# Purpose of this notebook

Show how we fetch data from the CVDR repository to be used to create our corresponding datasets

## Fetching

In [3]:
import re, collections
import tqdm
import wetsuite.helpers.etree
import wetsuite.helpers.localdata
import wetsuite.helpers.koop_parse
import wetsuite.datacollect.koop_repositories 

In [4]:
# from all fetched:
bwb_fetched         = wetsuite.helpers.localdata.LocalKV( 'bwb_fetched.db', str, bytes )

In [9]:
def bwb_callback(record):
    ''' BWB records follow http://standaarden.overheid.nl/sru/gzd.xsd
        
        Right now we merge all the parts of a record into one dict, 
            which throws away some structure (on top of the already removed namespaces)
            but is easier to deal with.
    '''
    meta = wetsuite.helpers.koop_parse.bwb_searchresult_meta( record )

    # toestand xml
    _, toestand_came_from_cache = wetsuite.helpers.localdata.cached_fetch( bwb_fetched,  meta['locatie_toestand'],  force_refetch=False )
    force_refetch_meta = (not toestand_came_from_cache) # (only) if we got a toestand we didn't previously have, assume the metadata also changed
    
    # manifest and WTI
    _, man_cached = wetsuite.helpers.localdata.cached_fetch( bwb_fetched,  meta['locatie_manifest'],  force_refetch=force_refetch_meta )
    _, wti_cached = wetsuite.helpers.localdata.cached_fetch( bwb_fetched,  meta['locatie_wti'],       force_refetch=force_refetch_meta )

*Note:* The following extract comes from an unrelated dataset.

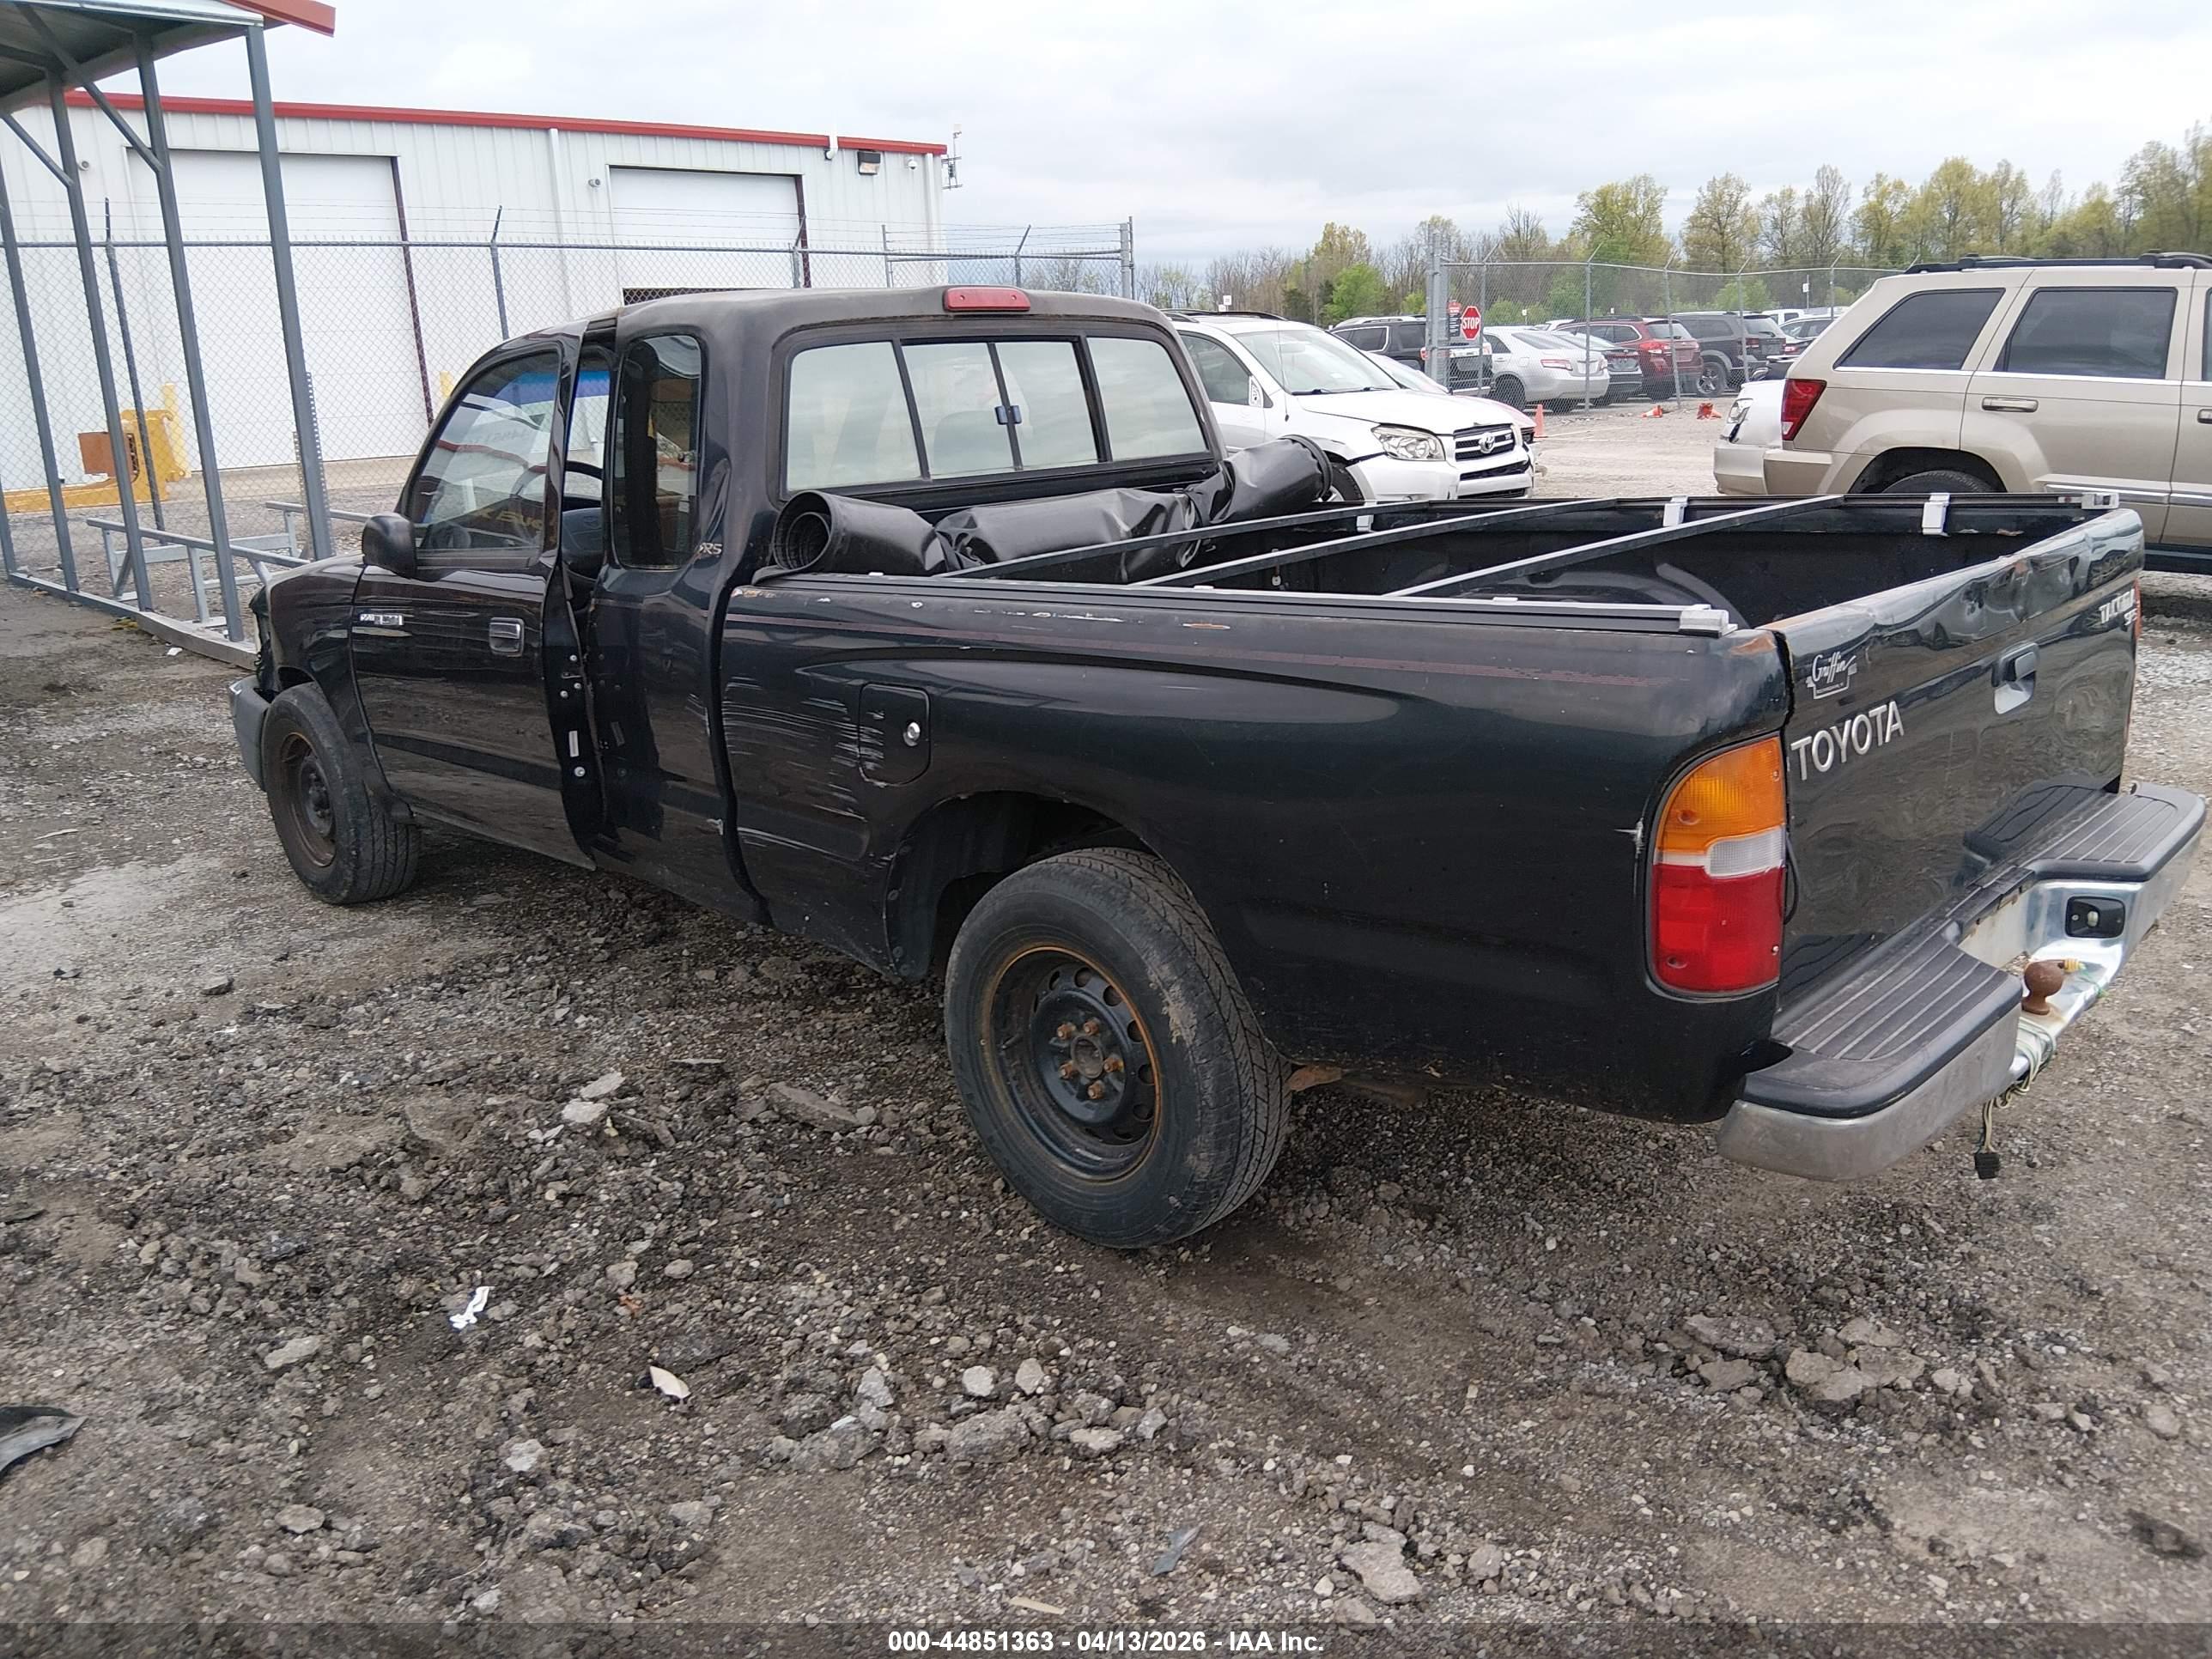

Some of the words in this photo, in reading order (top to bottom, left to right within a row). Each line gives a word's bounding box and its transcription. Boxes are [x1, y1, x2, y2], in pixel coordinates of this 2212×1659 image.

    if (not toestand_came_from_cache or not man_cached or not wti_cached):
        print( "FETCHED new data for %s: %s"%(meta['identifier'], [not toestand_came_from_cache, not man_cached, not wti_cached]) )
        print('    ',meta)


sru_bwb = wetsuite.datacollect.koop_repositories.BWB( verbose=True )
_ = sru_bwb.search_retrieve_many('dcterms.modified>=2023-11-01', up_to=20000, at_a_time=1000, callback=bwb_callback)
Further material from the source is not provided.